▶ Problem statement:
Could you write out each of the records below exactly?

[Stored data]

■ ■ ■ ■ ■

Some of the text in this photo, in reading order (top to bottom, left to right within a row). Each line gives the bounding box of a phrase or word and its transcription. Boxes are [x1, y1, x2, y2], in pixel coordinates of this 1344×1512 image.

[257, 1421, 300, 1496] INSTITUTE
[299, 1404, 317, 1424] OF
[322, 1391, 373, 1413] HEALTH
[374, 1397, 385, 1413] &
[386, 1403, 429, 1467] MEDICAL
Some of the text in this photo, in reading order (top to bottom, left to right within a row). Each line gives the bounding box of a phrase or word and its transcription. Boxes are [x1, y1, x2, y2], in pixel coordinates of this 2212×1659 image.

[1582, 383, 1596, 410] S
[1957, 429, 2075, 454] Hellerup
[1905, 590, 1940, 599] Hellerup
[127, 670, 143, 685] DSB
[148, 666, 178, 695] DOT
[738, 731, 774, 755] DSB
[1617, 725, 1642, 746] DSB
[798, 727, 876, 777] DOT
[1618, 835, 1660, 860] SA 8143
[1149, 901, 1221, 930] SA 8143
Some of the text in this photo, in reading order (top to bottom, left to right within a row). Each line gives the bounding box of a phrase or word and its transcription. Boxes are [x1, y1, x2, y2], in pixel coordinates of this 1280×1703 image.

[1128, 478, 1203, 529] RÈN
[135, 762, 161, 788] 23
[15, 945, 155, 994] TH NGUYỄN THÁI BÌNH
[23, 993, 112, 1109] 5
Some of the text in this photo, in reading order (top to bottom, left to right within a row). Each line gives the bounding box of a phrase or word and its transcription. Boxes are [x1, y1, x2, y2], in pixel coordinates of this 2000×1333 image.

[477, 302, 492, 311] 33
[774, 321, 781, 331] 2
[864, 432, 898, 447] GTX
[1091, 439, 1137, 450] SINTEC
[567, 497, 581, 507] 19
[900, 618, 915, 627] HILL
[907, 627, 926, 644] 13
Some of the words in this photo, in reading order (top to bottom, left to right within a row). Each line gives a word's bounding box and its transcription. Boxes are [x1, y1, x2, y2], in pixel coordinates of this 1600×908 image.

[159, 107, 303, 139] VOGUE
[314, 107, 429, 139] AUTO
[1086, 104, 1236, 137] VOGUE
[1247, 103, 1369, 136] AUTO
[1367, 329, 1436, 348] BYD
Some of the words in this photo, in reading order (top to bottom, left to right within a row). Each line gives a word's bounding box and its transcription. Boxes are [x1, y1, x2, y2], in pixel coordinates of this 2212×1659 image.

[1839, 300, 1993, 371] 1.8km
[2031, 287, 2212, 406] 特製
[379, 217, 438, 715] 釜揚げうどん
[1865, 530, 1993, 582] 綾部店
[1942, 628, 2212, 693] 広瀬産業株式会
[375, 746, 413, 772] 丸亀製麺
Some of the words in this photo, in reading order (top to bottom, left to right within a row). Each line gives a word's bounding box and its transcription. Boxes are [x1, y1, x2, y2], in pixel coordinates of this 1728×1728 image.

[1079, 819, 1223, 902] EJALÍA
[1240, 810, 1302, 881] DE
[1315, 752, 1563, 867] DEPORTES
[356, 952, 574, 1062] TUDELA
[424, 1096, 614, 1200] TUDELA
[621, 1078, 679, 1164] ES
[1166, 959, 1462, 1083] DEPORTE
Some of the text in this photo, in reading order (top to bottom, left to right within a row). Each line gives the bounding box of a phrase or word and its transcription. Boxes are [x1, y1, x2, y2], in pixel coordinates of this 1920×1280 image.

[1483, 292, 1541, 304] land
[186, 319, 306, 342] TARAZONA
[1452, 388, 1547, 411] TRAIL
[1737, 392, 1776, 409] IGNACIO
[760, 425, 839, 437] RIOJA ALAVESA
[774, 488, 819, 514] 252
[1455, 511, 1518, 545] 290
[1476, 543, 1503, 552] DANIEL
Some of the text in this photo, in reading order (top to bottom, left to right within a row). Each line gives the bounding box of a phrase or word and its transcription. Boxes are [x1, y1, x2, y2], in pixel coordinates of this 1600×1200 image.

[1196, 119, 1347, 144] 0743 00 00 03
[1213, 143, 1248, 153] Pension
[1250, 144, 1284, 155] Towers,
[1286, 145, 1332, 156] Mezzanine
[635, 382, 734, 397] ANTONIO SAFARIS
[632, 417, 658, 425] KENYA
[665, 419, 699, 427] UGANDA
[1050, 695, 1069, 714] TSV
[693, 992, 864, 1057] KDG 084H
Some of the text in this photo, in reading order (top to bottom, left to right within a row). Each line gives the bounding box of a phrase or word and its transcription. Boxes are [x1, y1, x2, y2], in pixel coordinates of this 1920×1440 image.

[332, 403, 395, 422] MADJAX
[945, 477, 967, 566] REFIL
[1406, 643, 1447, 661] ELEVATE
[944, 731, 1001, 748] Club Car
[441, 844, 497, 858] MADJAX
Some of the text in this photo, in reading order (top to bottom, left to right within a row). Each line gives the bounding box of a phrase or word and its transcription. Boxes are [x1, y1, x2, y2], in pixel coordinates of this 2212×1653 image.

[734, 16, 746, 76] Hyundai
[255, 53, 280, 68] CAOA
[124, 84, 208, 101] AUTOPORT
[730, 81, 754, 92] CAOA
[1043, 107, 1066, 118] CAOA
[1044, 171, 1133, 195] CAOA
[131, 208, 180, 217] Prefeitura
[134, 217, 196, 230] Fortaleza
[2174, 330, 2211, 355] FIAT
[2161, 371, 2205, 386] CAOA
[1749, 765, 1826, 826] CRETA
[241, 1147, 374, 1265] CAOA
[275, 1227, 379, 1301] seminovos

■ ■ ■ ■ ■

▶ Expected output:
Some of the text in this photo, in reading order (top to bottom, left to right within a row). Each line gives the bounding box of a phrase or word and its transcription. Boxes are [x1, y1, x2, y2], in pixel coordinates of this 1344×1512 image.

[257, 1421, 300, 1496] INSTITUTE
[299, 1404, 317, 1424] OF
[322, 1391, 373, 1413] HEALTH
[374, 1397, 385, 1413] &
[386, 1403, 429, 1467] MEDICAL
Some of the text in this photo, in reading order (top to bottom, left to right within a row). Each line gives the bounding box of a phrase or word and its transcription. Boxes are [x1, y1, x2, y2], in pixel coordinates of this 2212×1659 image.

[1582, 383, 1596, 410] S
[1957, 429, 2075, 454] Hellerup
[1905, 590, 1940, 599] Hellerup
[127, 670, 143, 685] DSB
[148, 666, 178, 695] DOT
[738, 731, 774, 755] DSB
[1617, 725, 1642, 746] DSB
[798, 727, 876, 777] DOT
[1618, 835, 1660, 860] SA 8143
[1149, 901, 1221, 930] SA 8143
Some of the text in this photo, in reading order (top to bottom, left to right within a row). Each line gives the bounding box of a phrase or word and its transcription. Boxes are [x1, y1, x2, y2], in pixel coordinates of this 1280×1703 image.

[1128, 478, 1203, 529] RÈN
[135, 762, 161, 788] 23
[15, 945, 155, 994] TH NGUYỄN THÁI BÌNH
[23, 993, 112, 1109] 5
Some of the text in this photo, in reading order (top to bottom, left to right within a row). Each line gives the bounding box of a phrase or word and its transcription. Boxes are [x1, y1, x2, y2], in pixel coordinates of this 2000×1333 image.

[477, 302, 492, 311] 33
[774, 321, 781, 331] 2
[864, 432, 898, 447] GTX
[1091, 439, 1137, 450] SINTEC
[567, 497, 581, 507] 19
[900, 618, 915, 627] HILL
[907, 627, 926, 644] 13
Some of the words in this photo, in reading order (top to bottom, left to right within a row). Each line gives a word's bounding box and its transcription. Boxes are [x1, y1, x2, y2], in pixel coordinates of this 1600×908 image.

[159, 107, 303, 139] VOGUE
[314, 107, 429, 139] AUTO
[1086, 104, 1236, 137] VOGUE
[1247, 103, 1369, 136] AUTO
[1367, 329, 1436, 348] BYD
Some of the words in this photo, in reading order (top to bottom, left to right within a row). Each line gives a word's bounding box and its transcription. Boxes are [x1, y1, x2, y2], in pixel coordinates of this 2212×1659 image.

[1839, 300, 1993, 371] 1.8km
[2031, 287, 2212, 406] 特製
[379, 217, 438, 715] 釜揚げうどん
[1865, 530, 1993, 582] 綾部店
[1942, 628, 2212, 693] 広瀬産業株式会
[375, 746, 413, 772] 丸亀製麺
Some of the words in this photo, in reading order (top to bottom, left to right within a row). Each line gives a word's bounding box and its transcription. Boxes are [x1, y1, x2, y2], in pixel coordinates of this 1728×1728 image.

[1079, 819, 1223, 902] EJALÍA
[1240, 810, 1302, 881] DE
[1315, 752, 1563, 867] DEPORTES
[356, 952, 574, 1062] TUDELA
[424, 1096, 614, 1200] TUDELA
[621, 1078, 679, 1164] ES
[1166, 959, 1462, 1083] DEPORTE
Some of the text in this photo, in reading order (top to bottom, left to right within a row). Each line gives the bounding box of a phrase or word and its transcription. Boxes are [x1, y1, x2, y2], in pixel coordinates of this 1920×1280 image.

[1483, 292, 1541, 304] land
[186, 319, 306, 342] TARAZONA
[1452, 388, 1547, 411] TRAIL
[1737, 392, 1776, 409] IGNACIO
[760, 425, 839, 437] RIOJA ALAVESA
[774, 488, 819, 514] 252
[1455, 511, 1518, 545] 290
[1476, 543, 1503, 552] DANIEL
Some of the text in this photo, in reading order (top to bottom, left to right within a row). Each line gives the bounding box of a phrase or word and its transcription. Boxes are [x1, y1, x2, y2], in pixel coordinates of this 1600×1200 image.

[1196, 119, 1347, 144] 0743 00 00 03
[1213, 143, 1248, 153] Pension
[1250, 144, 1284, 155] Towers,
[1286, 145, 1332, 156] Mezzanine
[635, 382, 734, 397] ANTONIO SAFARIS
[632, 417, 658, 425] KENYA
[665, 419, 699, 427] UGANDA
[1050, 695, 1069, 714] TSV
[693, 992, 864, 1057] KDG 084H
Some of the text in this photo, in reading order (top to bottom, left to right within a row). Each line gives the bounding box of a phrase or word and its transcription. Boxes are [x1, y1, x2, y2], in pixel coordinates of this 1920×1440 image.

[332, 403, 395, 422] MADJAX
[945, 477, 967, 566] REFIL
[1406, 643, 1447, 661] ELEVATE
[944, 731, 1001, 748] Club Car
[441, 844, 497, 858] MADJAX
Some of the text in this photo, in reading order (top to bottom, left to right within a row). Each line gives the bounding box of a phrase or word and its transcription. Boxes are [x1, y1, x2, y2], in pixel coordinates of this 2212×1653 image.

[734, 16, 746, 76] Hyundai
[255, 53, 280, 68] CAOA
[124, 84, 208, 101] AUTOPORT
[730, 81, 754, 92] CAOA
[1043, 107, 1066, 118] CAOA
[1044, 171, 1133, 195] CAOA
[131, 208, 180, 217] Prefeitura
[134, 217, 196, 230] Fortaleza
[2174, 330, 2211, 355] FIAT
[2161, 371, 2205, 386] CAOA
[1749, 765, 1826, 826] CRETA
[241, 1147, 374, 1265] CAOA
[275, 1227, 379, 1301] seminovos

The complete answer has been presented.